Prompt
Return the listing exactly, please; no pictures.

:::

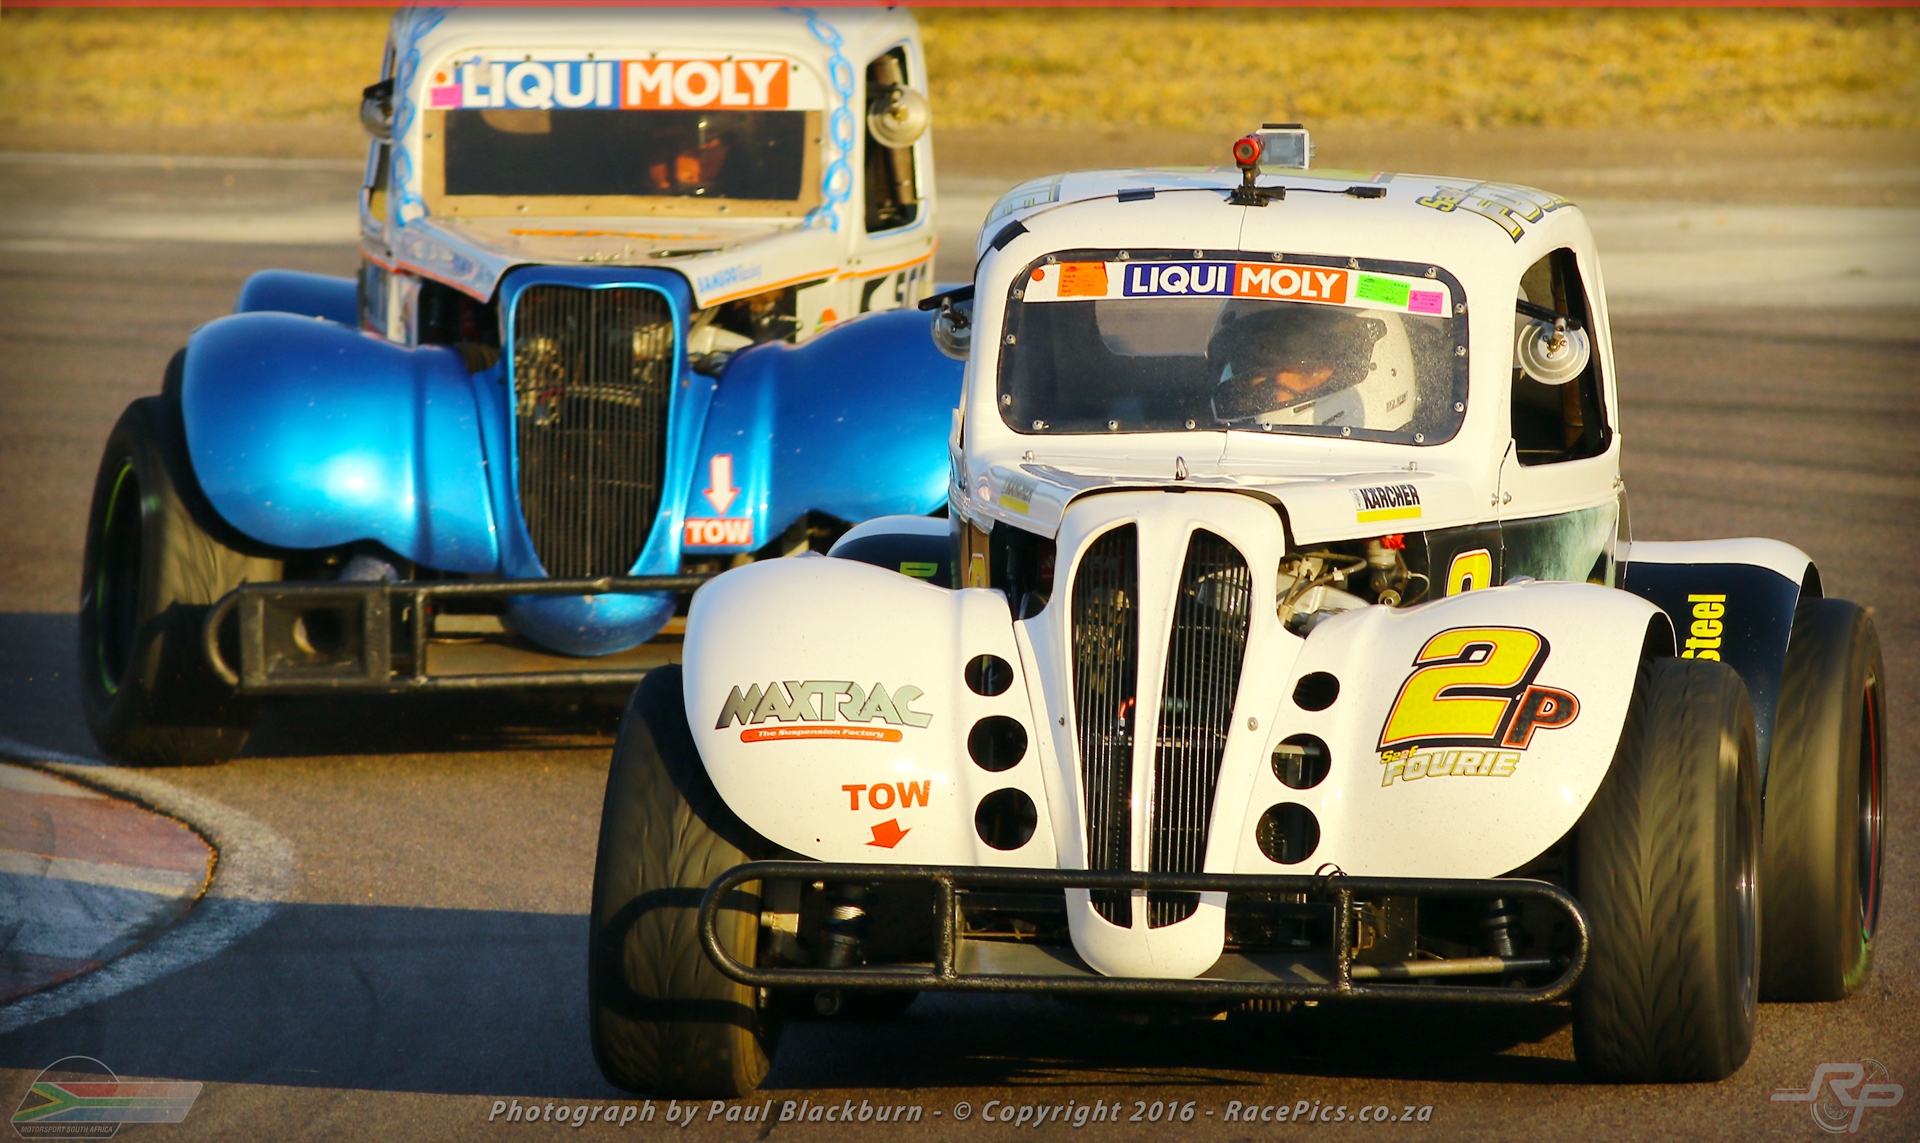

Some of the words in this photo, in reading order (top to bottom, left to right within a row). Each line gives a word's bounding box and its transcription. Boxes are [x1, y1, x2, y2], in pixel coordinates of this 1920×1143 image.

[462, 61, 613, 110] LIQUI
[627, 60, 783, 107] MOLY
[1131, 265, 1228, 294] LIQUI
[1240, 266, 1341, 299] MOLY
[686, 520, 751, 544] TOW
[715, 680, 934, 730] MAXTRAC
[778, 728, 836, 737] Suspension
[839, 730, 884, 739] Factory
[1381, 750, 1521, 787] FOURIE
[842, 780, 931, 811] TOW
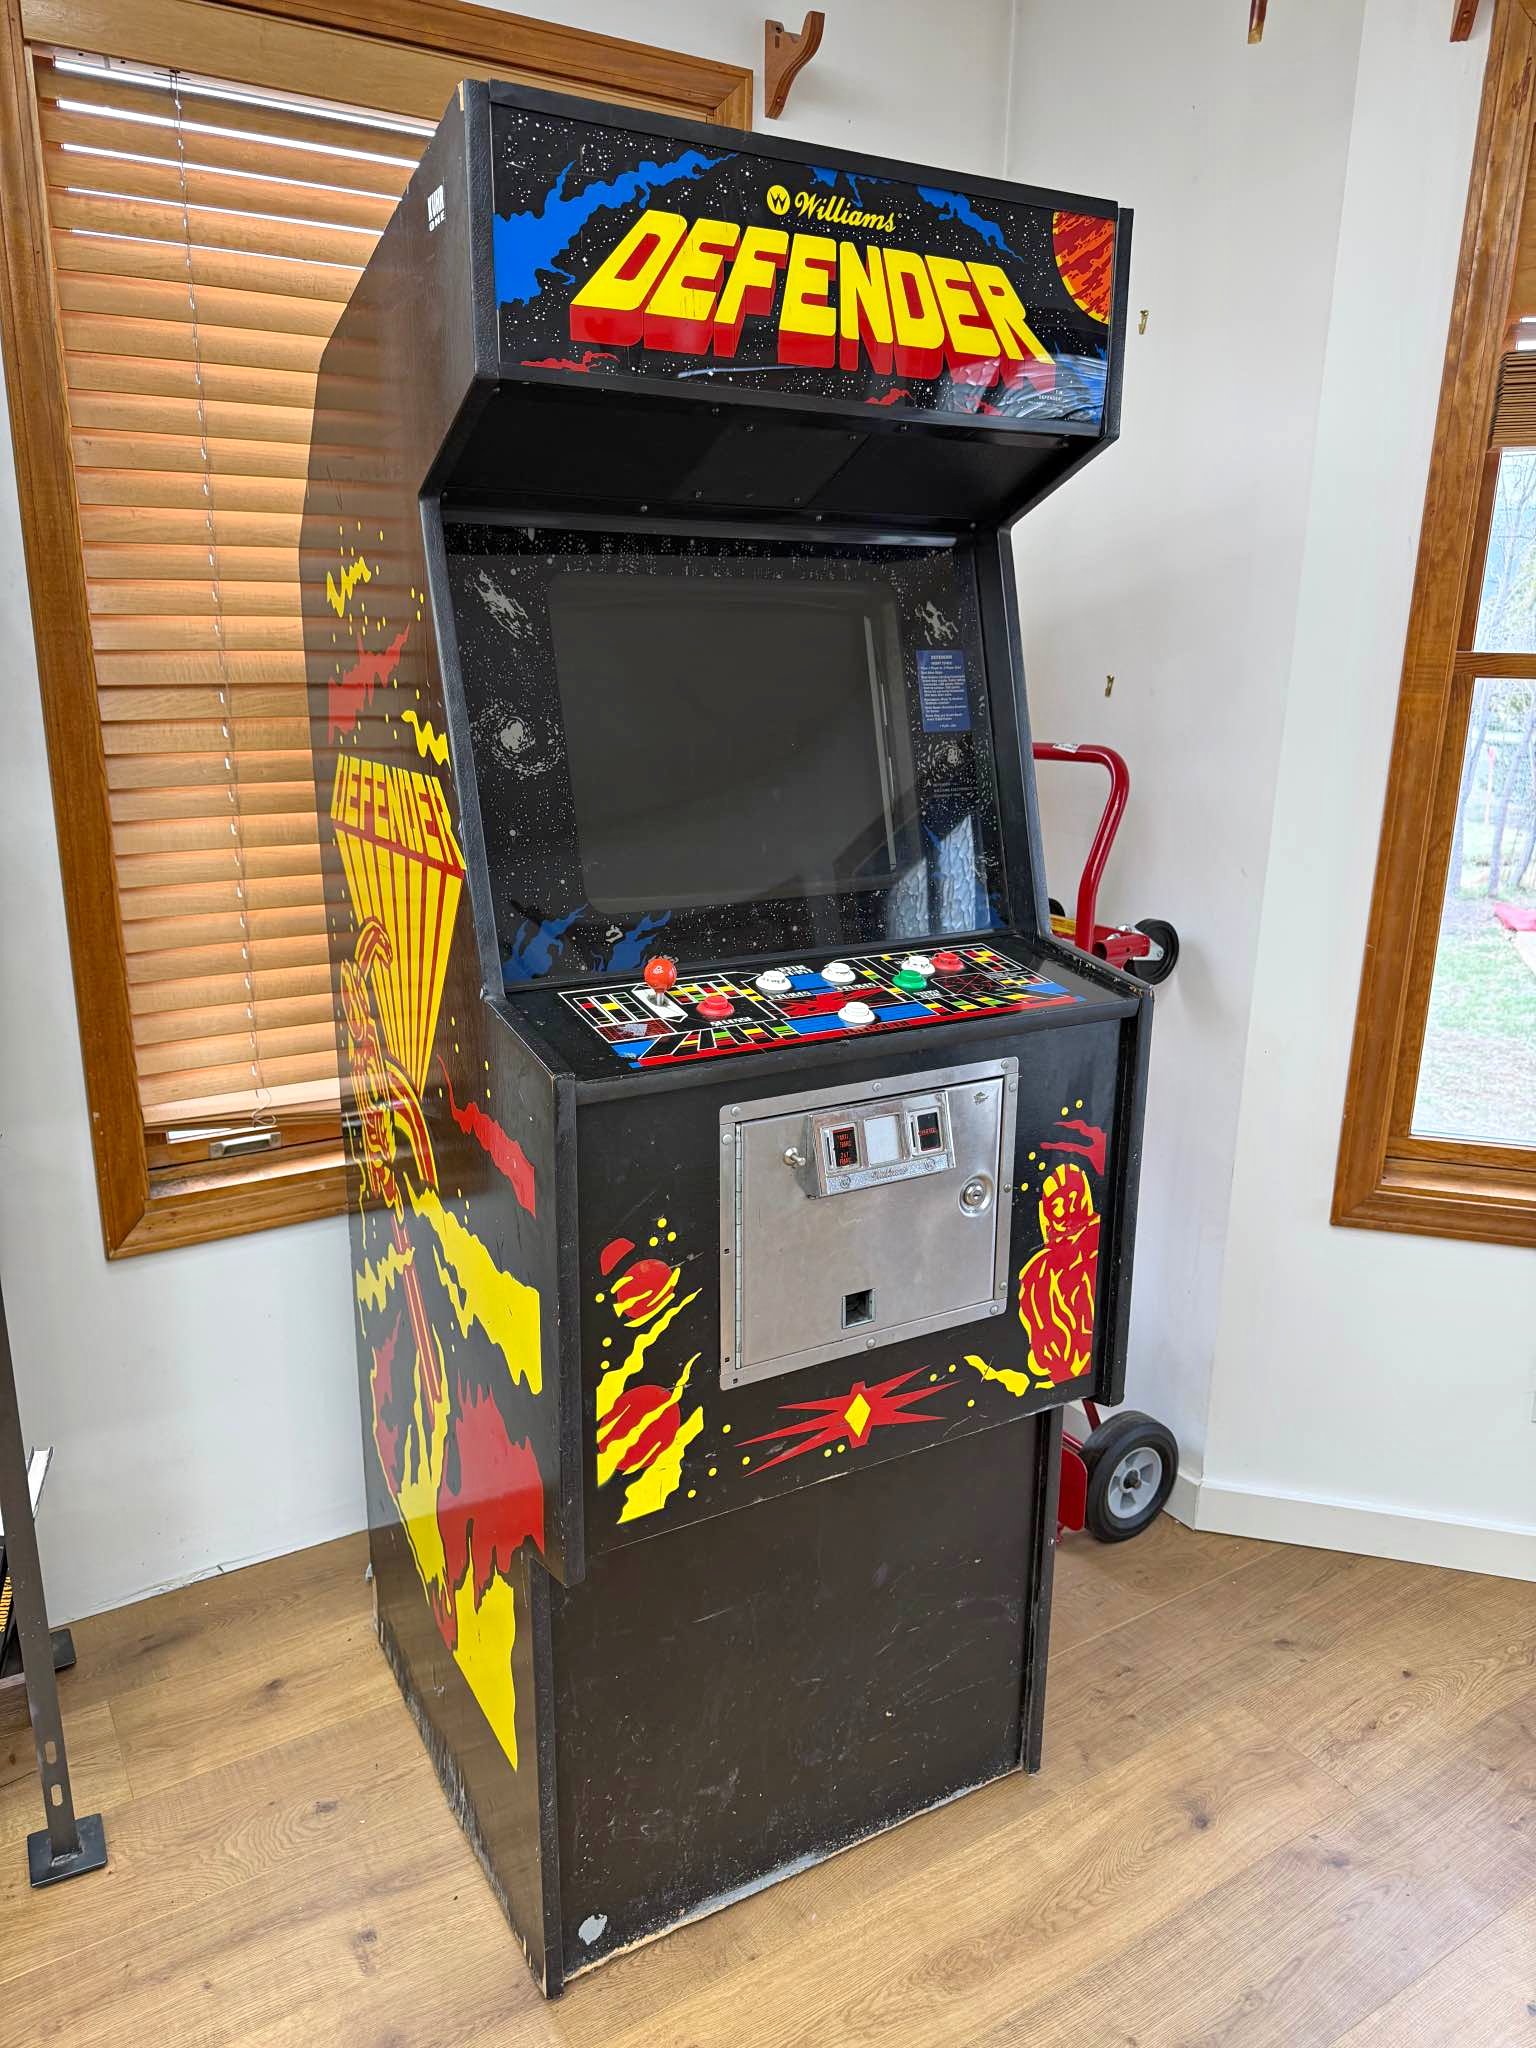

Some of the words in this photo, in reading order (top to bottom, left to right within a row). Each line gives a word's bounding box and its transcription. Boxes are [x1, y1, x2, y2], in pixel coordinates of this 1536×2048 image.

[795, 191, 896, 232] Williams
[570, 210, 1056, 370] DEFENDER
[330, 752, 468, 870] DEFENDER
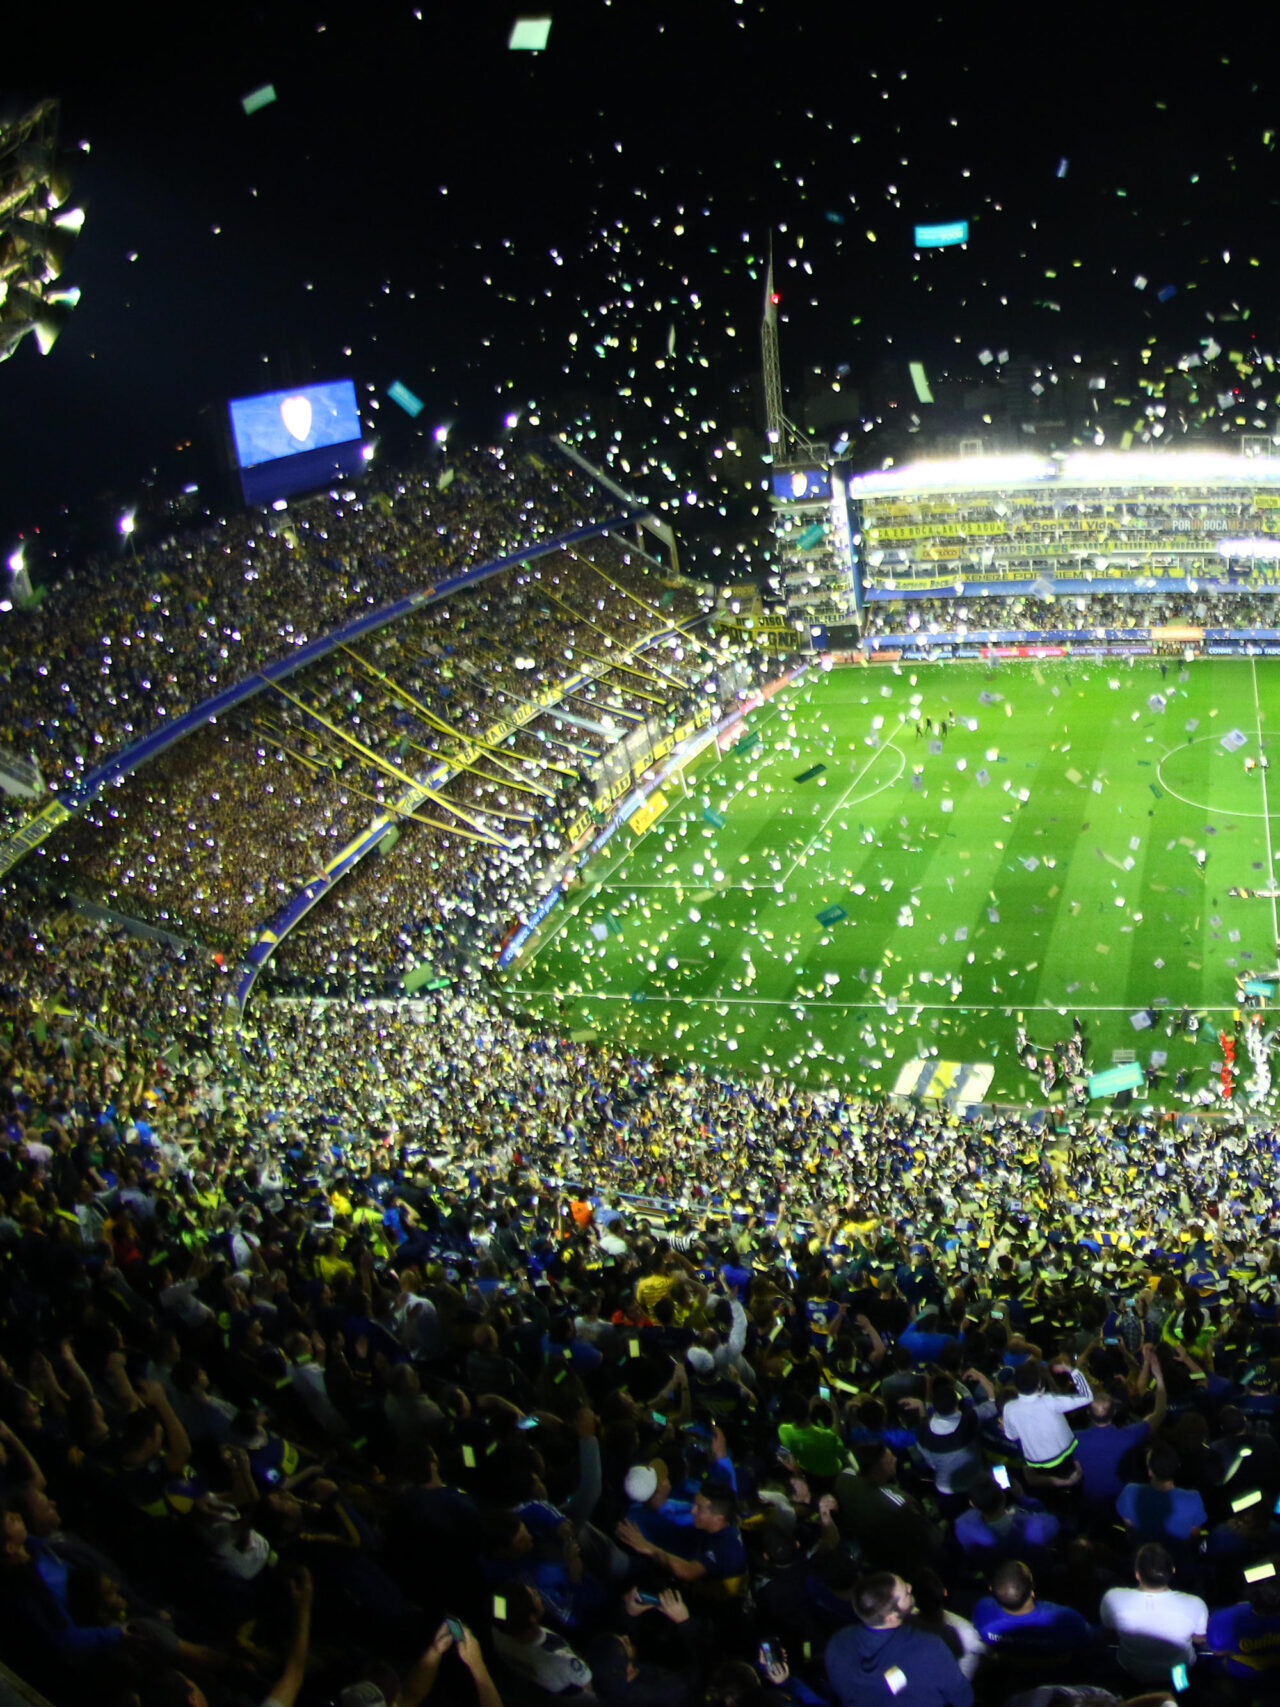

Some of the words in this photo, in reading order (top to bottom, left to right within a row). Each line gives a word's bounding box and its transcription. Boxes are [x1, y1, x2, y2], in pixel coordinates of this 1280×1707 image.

:::

Written response
Some of the words in this photo, in reading order (top to bottom, left to right within a row). Each line gives a word's bounding box and its transcription. Boxes are [x1, y1, x2, y2], in pixel coordinates of this 1920×1143 image.

[462, 61, 613, 110] LIQUI
[627, 60, 783, 107] MOLY
[1131, 265, 1228, 294] LIQUI
[1240, 266, 1341, 299] MOLY
[686, 520, 751, 544] TOW
[715, 680, 934, 730] MAXTRAC
[778, 728, 836, 737] Suspension
[839, 730, 884, 739] Factory
[1381, 750, 1521, 787] FOURIE
[842, 780, 931, 811] TOW

Some of the words in this photo, in reading order (top to bottom, left to right within a row). Each line gives a word's bounding box and its transcription. Boxes are [x1, y1, x2, y2], in pixel coordinates of this 1536×2048 image.

[795, 191, 896, 232] Williams
[570, 210, 1056, 370] DEFENDER
[330, 752, 468, 870] DEFENDER

Some of the words in this photo, in reading order (top to bottom, left to right within a row). Each line gives a word's bounding box and its transcription. Boxes are [x1, y1, x2, y2], in pixel coordinates of this 1280×1707 image.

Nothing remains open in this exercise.